● WORK TO BE COMPLETED: Would you set down the whole listing again exactly as it appears?

##### GIVEN INFORMATION

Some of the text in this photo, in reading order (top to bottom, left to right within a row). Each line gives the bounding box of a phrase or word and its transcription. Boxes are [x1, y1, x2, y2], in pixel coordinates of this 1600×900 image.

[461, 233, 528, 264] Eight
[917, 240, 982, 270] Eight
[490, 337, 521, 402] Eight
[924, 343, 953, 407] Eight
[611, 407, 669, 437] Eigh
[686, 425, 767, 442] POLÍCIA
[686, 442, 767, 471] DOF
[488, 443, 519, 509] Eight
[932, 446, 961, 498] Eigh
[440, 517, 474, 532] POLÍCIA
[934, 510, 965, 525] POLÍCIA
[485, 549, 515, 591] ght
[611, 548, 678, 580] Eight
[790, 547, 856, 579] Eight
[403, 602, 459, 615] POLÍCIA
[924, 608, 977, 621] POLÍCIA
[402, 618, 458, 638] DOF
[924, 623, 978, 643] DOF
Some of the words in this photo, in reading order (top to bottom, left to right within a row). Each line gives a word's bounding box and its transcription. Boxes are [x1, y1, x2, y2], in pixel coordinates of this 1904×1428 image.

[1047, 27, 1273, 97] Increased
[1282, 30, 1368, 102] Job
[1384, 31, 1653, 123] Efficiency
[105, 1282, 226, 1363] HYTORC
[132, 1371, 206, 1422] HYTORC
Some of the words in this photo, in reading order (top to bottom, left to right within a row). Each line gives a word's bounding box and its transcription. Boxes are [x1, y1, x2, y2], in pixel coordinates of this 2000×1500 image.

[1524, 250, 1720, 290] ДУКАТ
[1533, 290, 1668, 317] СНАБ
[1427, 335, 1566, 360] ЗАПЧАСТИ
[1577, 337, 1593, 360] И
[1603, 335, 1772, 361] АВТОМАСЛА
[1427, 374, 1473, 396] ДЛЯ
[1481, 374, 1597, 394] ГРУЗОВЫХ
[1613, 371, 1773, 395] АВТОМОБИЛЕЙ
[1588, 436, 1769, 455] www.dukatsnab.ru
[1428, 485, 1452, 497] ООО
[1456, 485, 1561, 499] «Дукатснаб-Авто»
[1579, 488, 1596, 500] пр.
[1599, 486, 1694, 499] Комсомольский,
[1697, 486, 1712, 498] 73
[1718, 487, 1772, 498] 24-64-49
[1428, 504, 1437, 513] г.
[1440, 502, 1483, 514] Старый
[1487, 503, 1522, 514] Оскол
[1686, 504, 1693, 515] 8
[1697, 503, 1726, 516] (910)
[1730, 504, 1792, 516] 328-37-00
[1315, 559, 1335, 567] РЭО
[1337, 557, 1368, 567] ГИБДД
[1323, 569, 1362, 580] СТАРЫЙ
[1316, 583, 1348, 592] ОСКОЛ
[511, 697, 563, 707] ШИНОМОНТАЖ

##########

● SOLUTION TO THIS EXERCISE:
Some of the text in this photo, in reading order (top to bottom, left to right within a row). Each line gives the bounding box of a phrase or word and its transcription. Boxes are [x1, y1, x2, y2], in pixel coordinates of this 1600×900 image.

[461, 233, 528, 264] Eight
[917, 240, 982, 270] Eight
[490, 337, 521, 402] Eight
[924, 343, 953, 407] Eight
[611, 407, 669, 437] Eigh
[686, 425, 767, 442] POLÍCIA
[686, 442, 767, 471] DOF
[488, 443, 519, 509] Eight
[932, 446, 961, 498] Eigh
[440, 517, 474, 532] POLÍCIA
[934, 510, 965, 525] POLÍCIA
[485, 549, 515, 591] ght
[611, 548, 678, 580] Eight
[790, 547, 856, 579] Eight
[403, 602, 459, 615] POLÍCIA
[924, 608, 977, 621] POLÍCIA
[402, 618, 458, 638] DOF
[924, 623, 978, 643] DOF
Some of the words in this photo, in reading order (top to bottom, left to right within a row). Each line gives a word's bounding box and its transcription. Boxes are [x1, y1, x2, y2], in pixel coordinates of this 1904×1428 image.

[1047, 27, 1273, 97] Increased
[1282, 30, 1368, 102] Job
[1384, 31, 1653, 123] Efficiency
[105, 1282, 226, 1363] HYTORC
[132, 1371, 206, 1422] HYTORC
Some of the words in this photo, in reading order (top to bottom, left to right within a row). Each line gives a word's bounding box and its transcription. Boxes are [x1, y1, x2, y2], in pixel coordinates of this 2000×1500 image.

[1524, 250, 1720, 290] ДУКАТ
[1533, 290, 1668, 317] СНАБ
[1427, 335, 1566, 360] ЗАПЧАСТИ
[1577, 337, 1593, 360] И
[1603, 335, 1772, 361] АВТОМАСЛА
[1427, 374, 1473, 396] ДЛЯ
[1481, 374, 1597, 394] ГРУЗОВЫХ
[1613, 371, 1773, 395] АВТОМОБИЛЕЙ
[1588, 436, 1769, 455] www.dukatsnab.ru
[1428, 485, 1452, 497] ООО
[1456, 485, 1561, 499] «Дукатснаб-Авто»
[1579, 488, 1596, 500] пр.
[1599, 486, 1694, 499] Комсомольский,
[1697, 486, 1712, 498] 73
[1718, 487, 1772, 498] 24-64-49
[1428, 504, 1437, 513] г.
[1440, 502, 1483, 514] Старый
[1487, 503, 1522, 514] Оскол
[1686, 504, 1693, 515] 8
[1697, 503, 1726, 516] (910)
[1730, 504, 1792, 516] 328-37-00
[1315, 559, 1335, 567] РЭО
[1337, 557, 1368, 567] ГИБДД
[1323, 569, 1362, 580] СТАРЫЙ
[1316, 583, 1348, 592] ОСКОЛ
[511, 697, 563, 707] ШИНОМОНТАЖ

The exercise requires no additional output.